TASK OBJECTIVE: Could you transcribe all the entries exactly, omitting the pictures?

#### EXCERPTED DATA

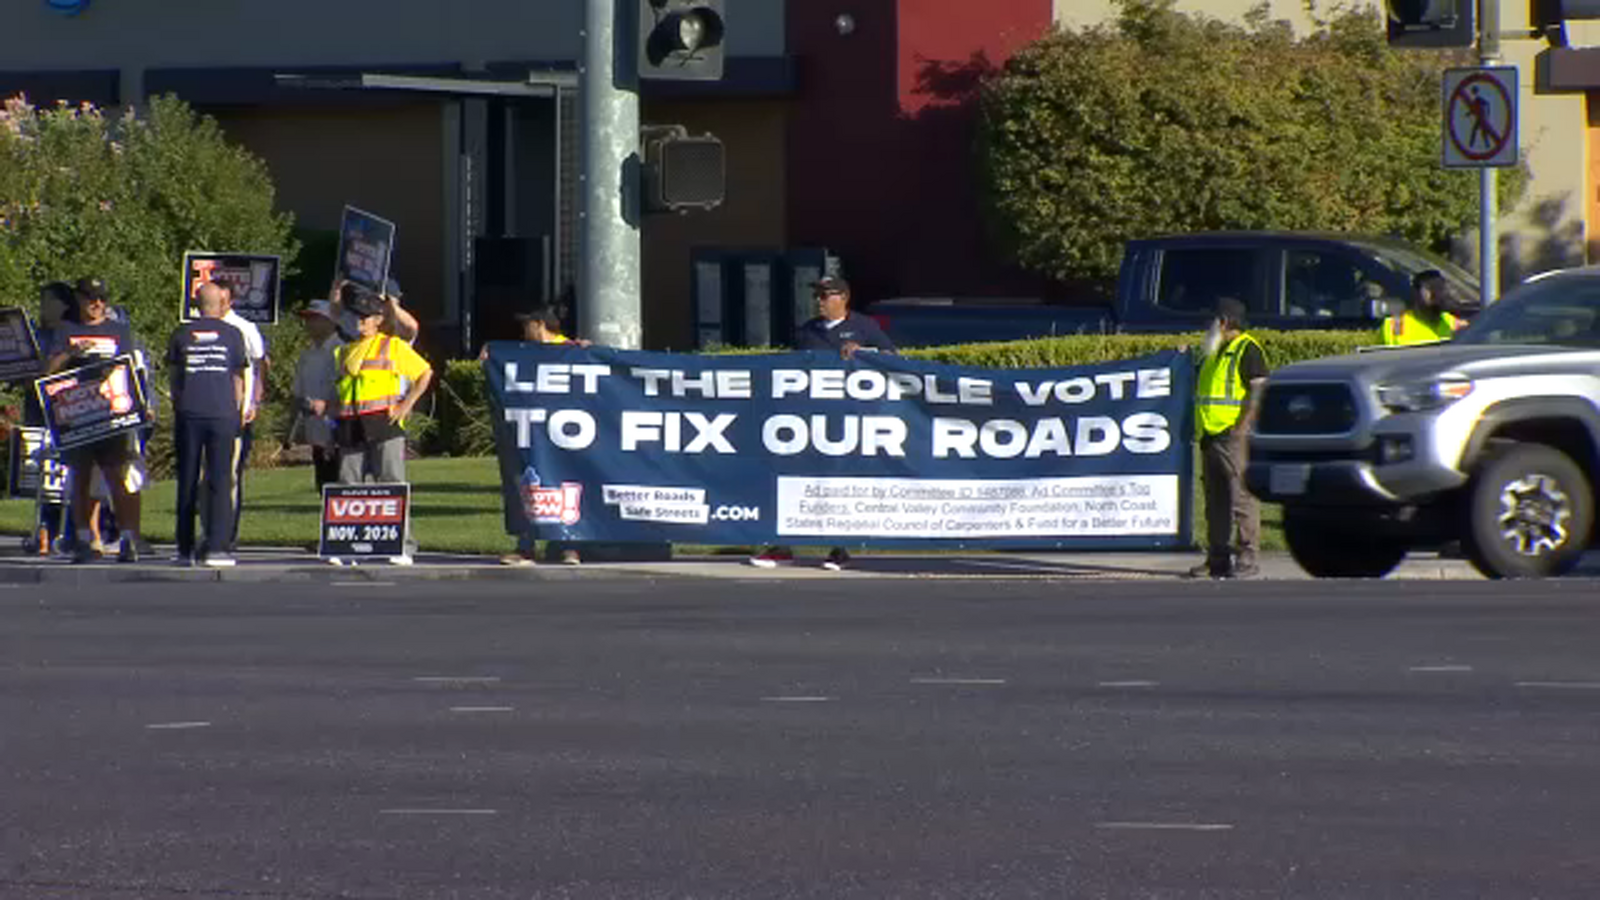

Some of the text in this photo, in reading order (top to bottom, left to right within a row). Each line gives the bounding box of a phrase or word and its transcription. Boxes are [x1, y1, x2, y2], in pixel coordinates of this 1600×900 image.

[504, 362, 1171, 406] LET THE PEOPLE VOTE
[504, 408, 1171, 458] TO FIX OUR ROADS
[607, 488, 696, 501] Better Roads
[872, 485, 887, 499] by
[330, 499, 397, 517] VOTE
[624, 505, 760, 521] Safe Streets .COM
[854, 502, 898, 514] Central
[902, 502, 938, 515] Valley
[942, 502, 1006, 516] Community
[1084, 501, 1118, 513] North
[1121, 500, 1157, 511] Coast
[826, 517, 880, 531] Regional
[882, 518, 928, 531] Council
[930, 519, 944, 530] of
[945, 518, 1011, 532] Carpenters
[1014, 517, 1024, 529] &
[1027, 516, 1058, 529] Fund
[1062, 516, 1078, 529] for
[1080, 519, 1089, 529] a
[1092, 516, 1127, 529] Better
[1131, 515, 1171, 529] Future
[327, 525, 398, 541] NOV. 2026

########

PROBLEM SOLUTION:
Some of the text in this photo, in reading order (top to bottom, left to right within a row). Each line gives the bounding box of a phrase or word and its transcription. Boxes are [x1, y1, x2, y2], in pixel coordinates of this 1600×900 image.

[504, 362, 1171, 406] LET THE PEOPLE VOTE
[504, 408, 1171, 458] TO FIX OUR ROADS
[607, 488, 696, 501] Better Roads
[872, 485, 887, 499] by
[330, 499, 397, 517] VOTE
[624, 505, 760, 521] Safe Streets .COM
[854, 502, 898, 514] Central
[902, 502, 938, 515] Valley
[942, 502, 1006, 516] Community
[1084, 501, 1118, 513] North
[1121, 500, 1157, 511] Coast
[826, 517, 880, 531] Regional
[882, 518, 928, 531] Council
[930, 519, 944, 530] of
[945, 518, 1011, 532] Carpenters
[1014, 517, 1024, 529] &
[1027, 516, 1058, 529] Fund
[1062, 516, 1078, 529] for
[1080, 519, 1089, 529] a
[1092, 516, 1127, 529] Better
[1131, 515, 1171, 529] Future
[327, 525, 398, 541] NOV. 2026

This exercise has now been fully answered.